Stored items from a collection:
- - - - - - -
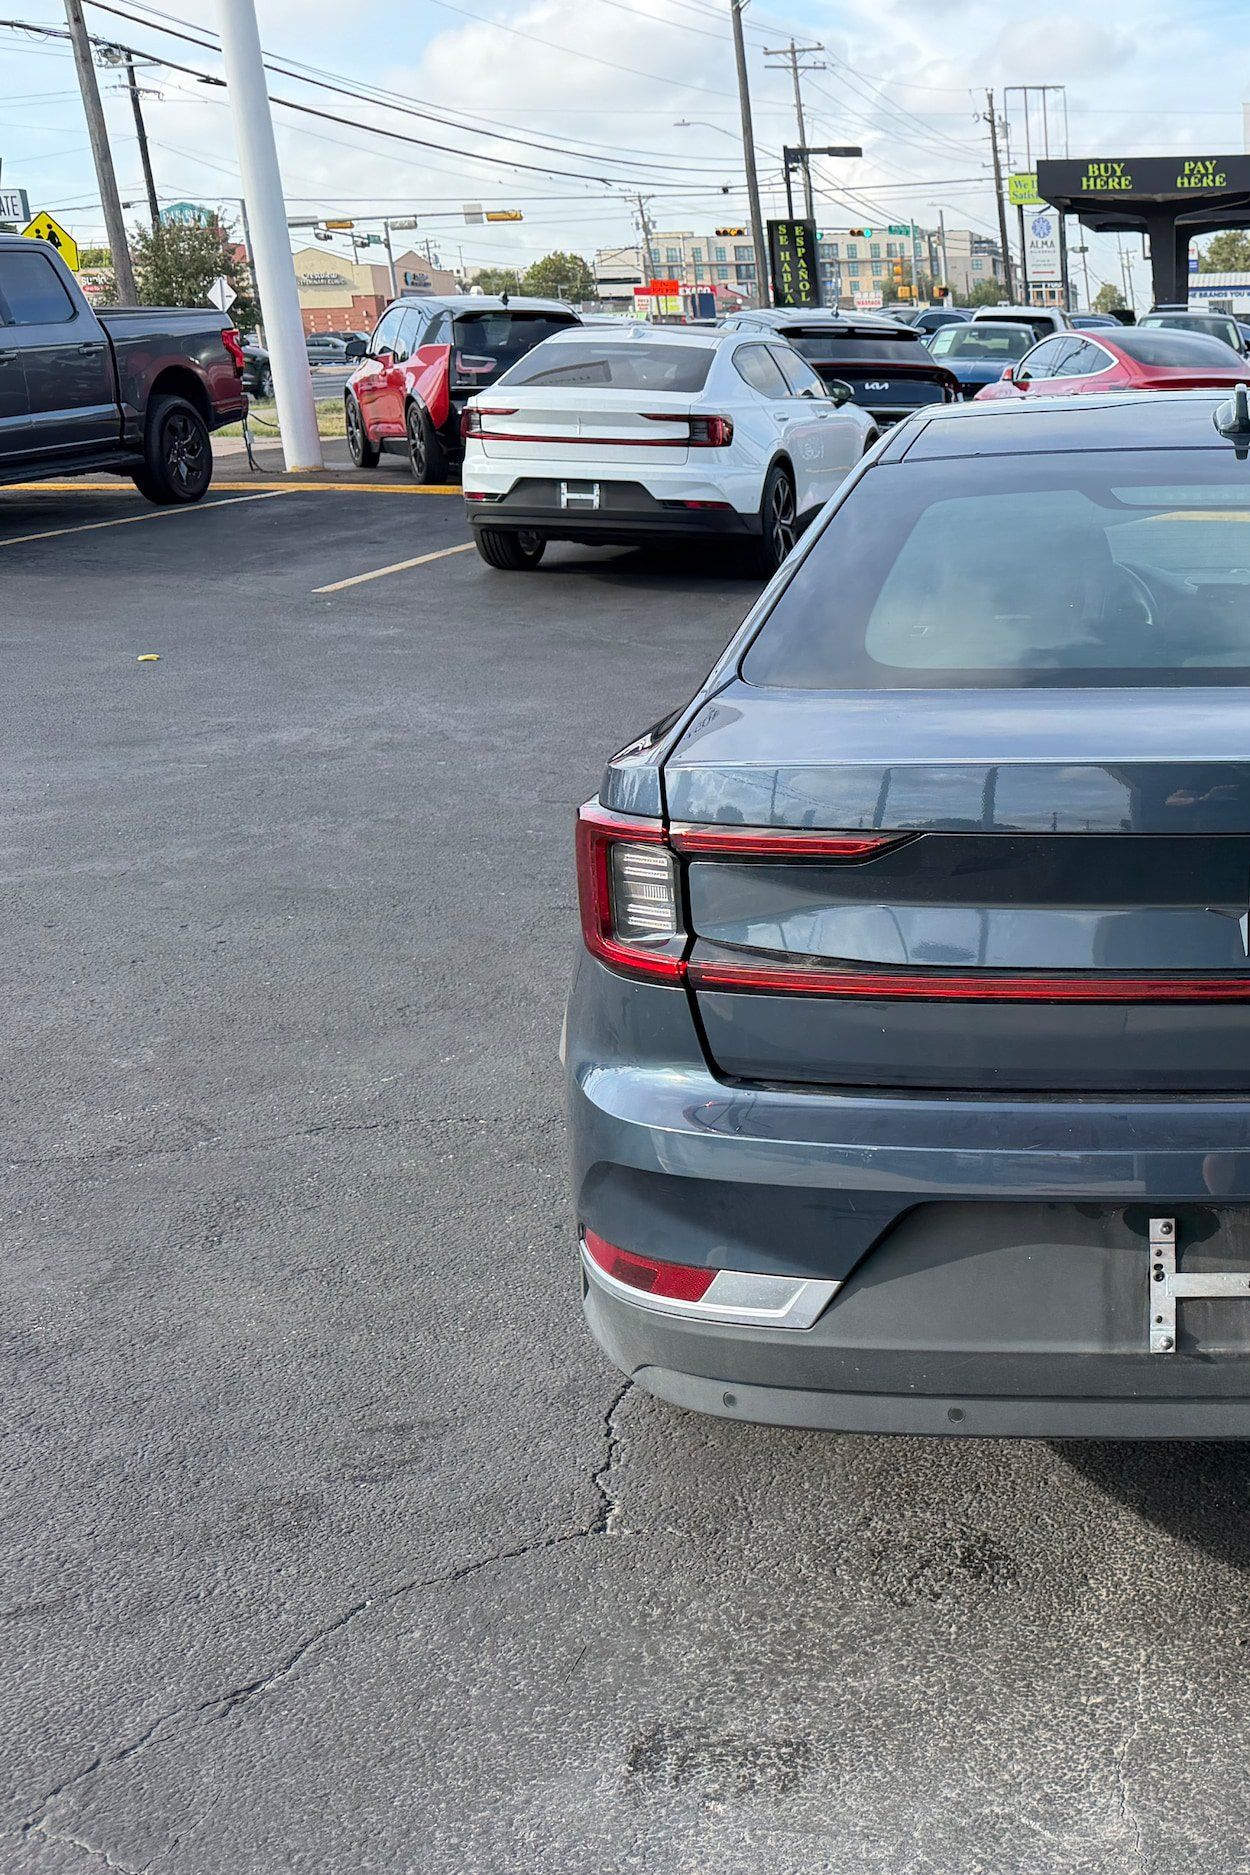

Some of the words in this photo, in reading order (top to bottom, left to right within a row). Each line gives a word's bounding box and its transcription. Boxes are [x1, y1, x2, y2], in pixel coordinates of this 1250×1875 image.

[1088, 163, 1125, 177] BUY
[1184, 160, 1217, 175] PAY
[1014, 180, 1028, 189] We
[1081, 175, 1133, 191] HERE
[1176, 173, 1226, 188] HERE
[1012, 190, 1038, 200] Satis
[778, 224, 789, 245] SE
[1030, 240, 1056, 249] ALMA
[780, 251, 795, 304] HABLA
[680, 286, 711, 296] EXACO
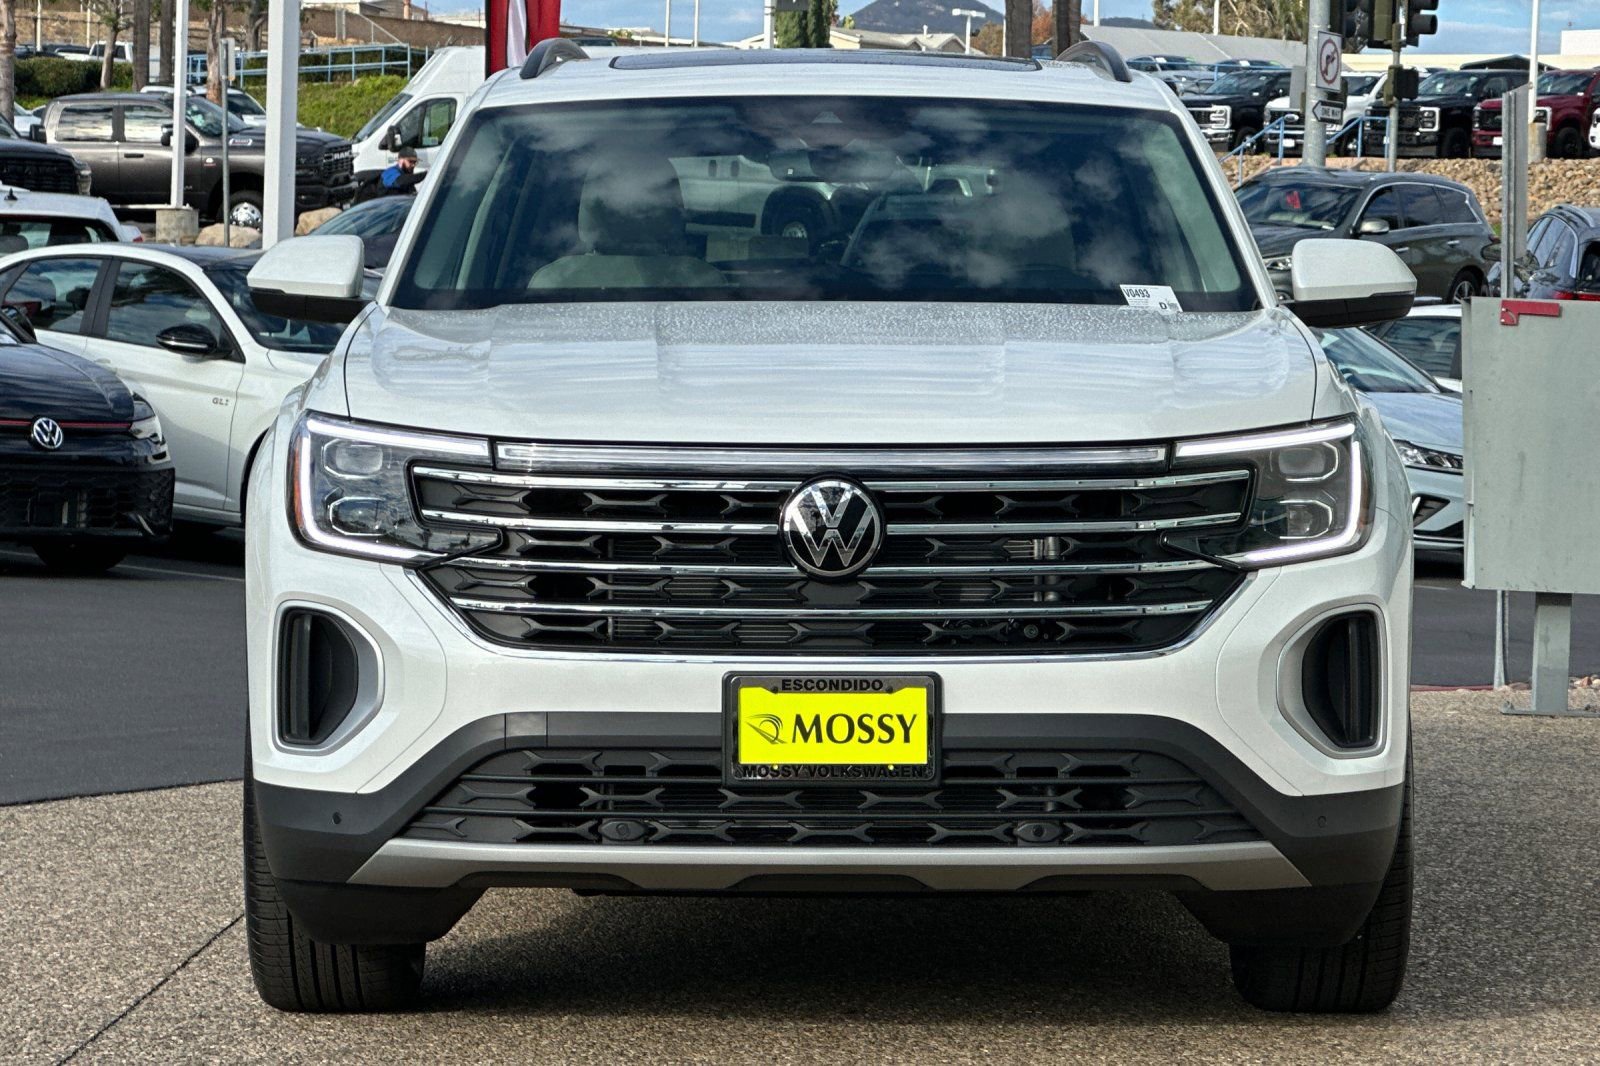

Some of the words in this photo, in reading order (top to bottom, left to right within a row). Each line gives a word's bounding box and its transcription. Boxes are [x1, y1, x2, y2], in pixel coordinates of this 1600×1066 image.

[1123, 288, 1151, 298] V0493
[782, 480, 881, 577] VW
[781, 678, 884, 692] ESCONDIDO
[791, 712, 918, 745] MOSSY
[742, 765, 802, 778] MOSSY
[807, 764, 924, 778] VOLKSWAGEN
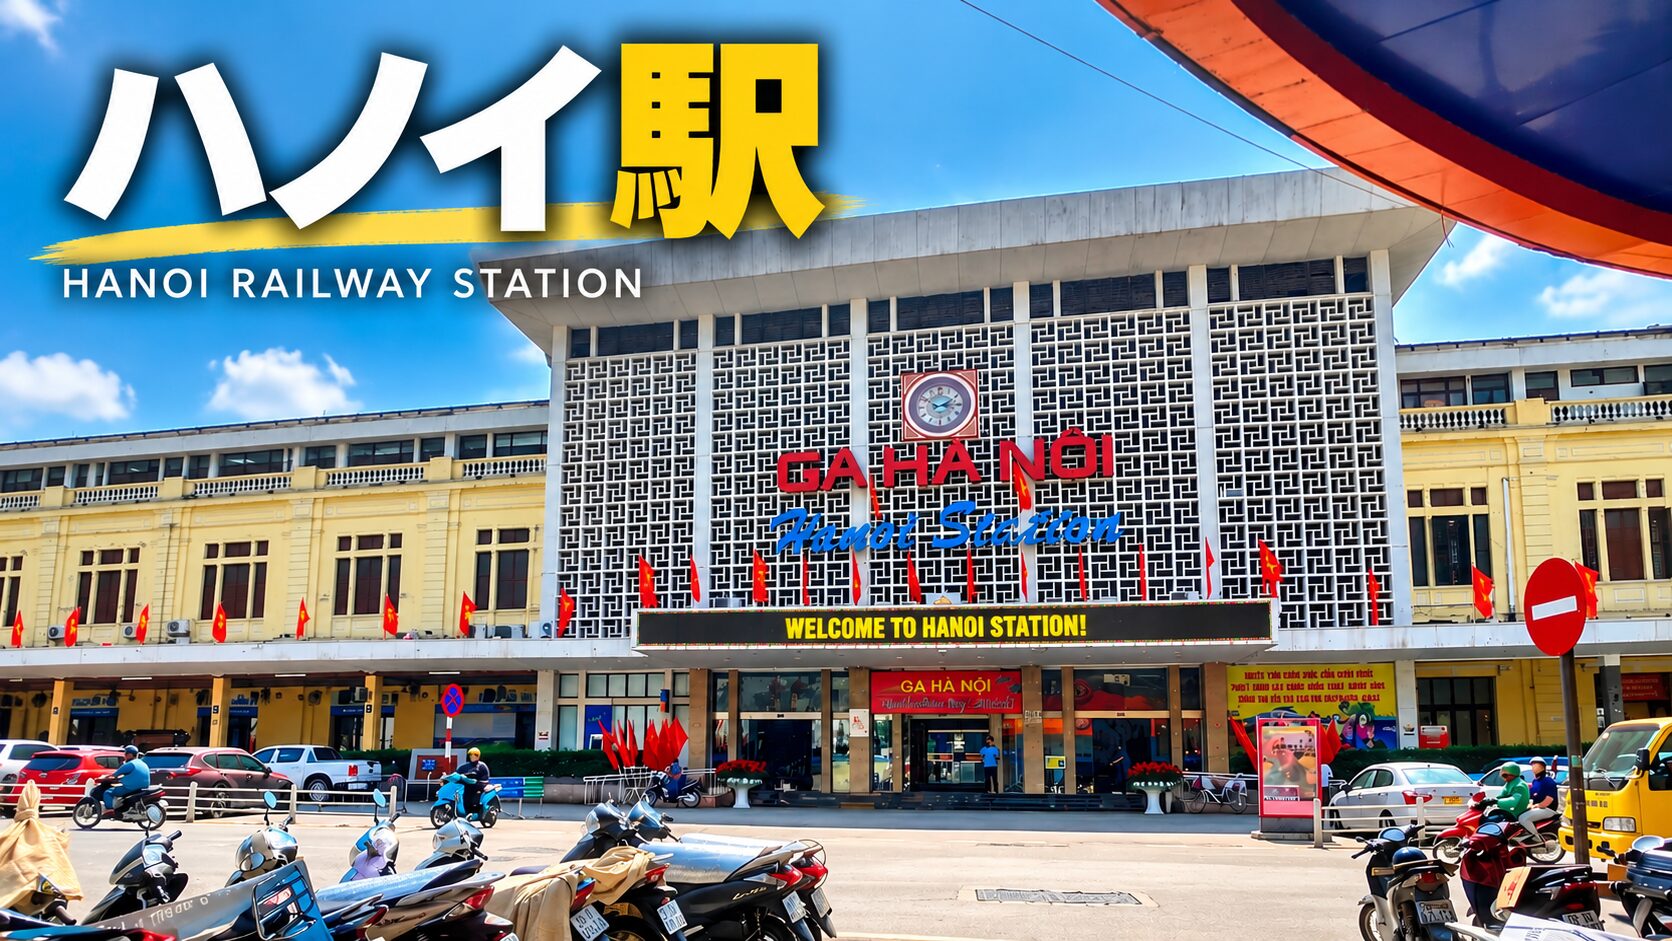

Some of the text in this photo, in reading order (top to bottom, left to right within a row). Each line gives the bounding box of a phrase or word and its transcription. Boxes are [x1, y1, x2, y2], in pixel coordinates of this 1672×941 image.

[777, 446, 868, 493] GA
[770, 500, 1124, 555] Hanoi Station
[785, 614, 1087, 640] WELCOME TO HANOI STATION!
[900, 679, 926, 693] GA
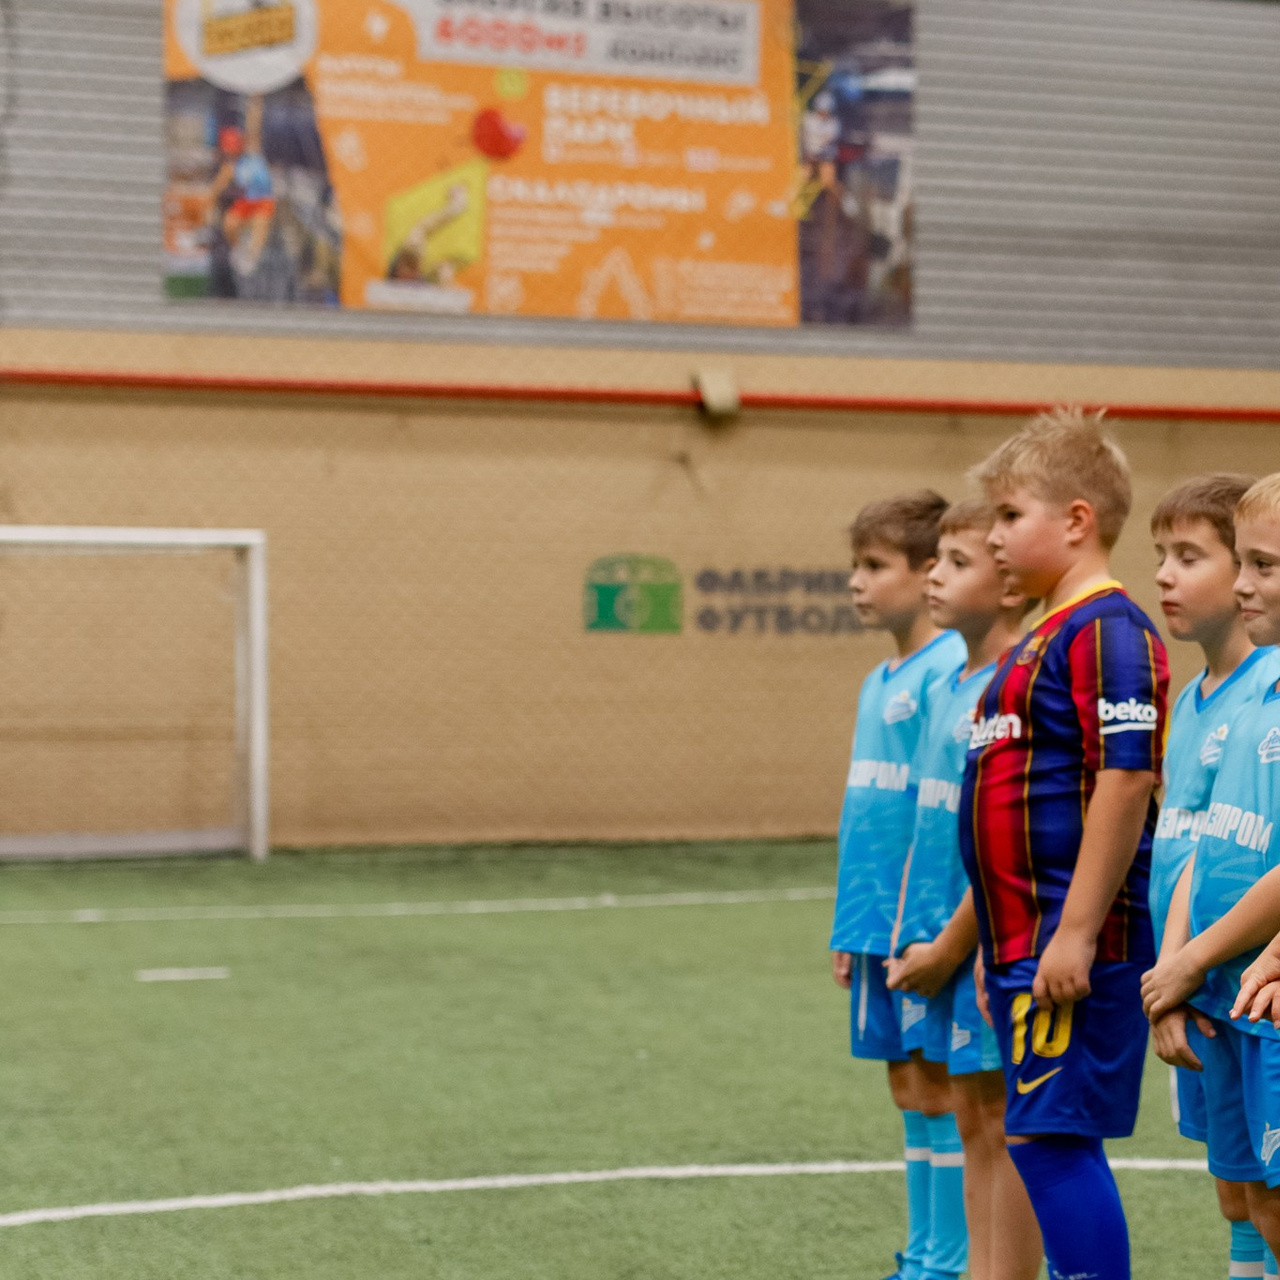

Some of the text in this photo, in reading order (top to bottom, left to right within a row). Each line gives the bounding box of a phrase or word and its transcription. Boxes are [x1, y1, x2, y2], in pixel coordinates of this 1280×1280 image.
- - - - - - -
**INSTRUCTIONS TO FOLLOW**
What is needed is a word-for-word copy of the lines from the one containing "this 1672×941 image." through the final line of the records above, both included, with the pictures left out.

**WRITTEN SOLUTION**
Some of the text in this photo, in reading order (top to bottom, left to right within a row). Each line gives the bounding box of a phrase or word and its transcription. Boxes are [x1, y1, x2, y2], in pixel coordinates of this 1672×941 image.

[777, 446, 868, 493] GA
[770, 500, 1124, 555] Hanoi Station
[785, 614, 1087, 640] WELCOME TO HANOI STATION!
[900, 679, 926, 693] GA

Some of the text in this photo, in reading order (top to bottom, left to right within a row). Each line gives the bounding box of a phrase or word and its transcription. Boxes are [x1, y1, x2, y2], in pixel coordinates of this 1280×1280 image.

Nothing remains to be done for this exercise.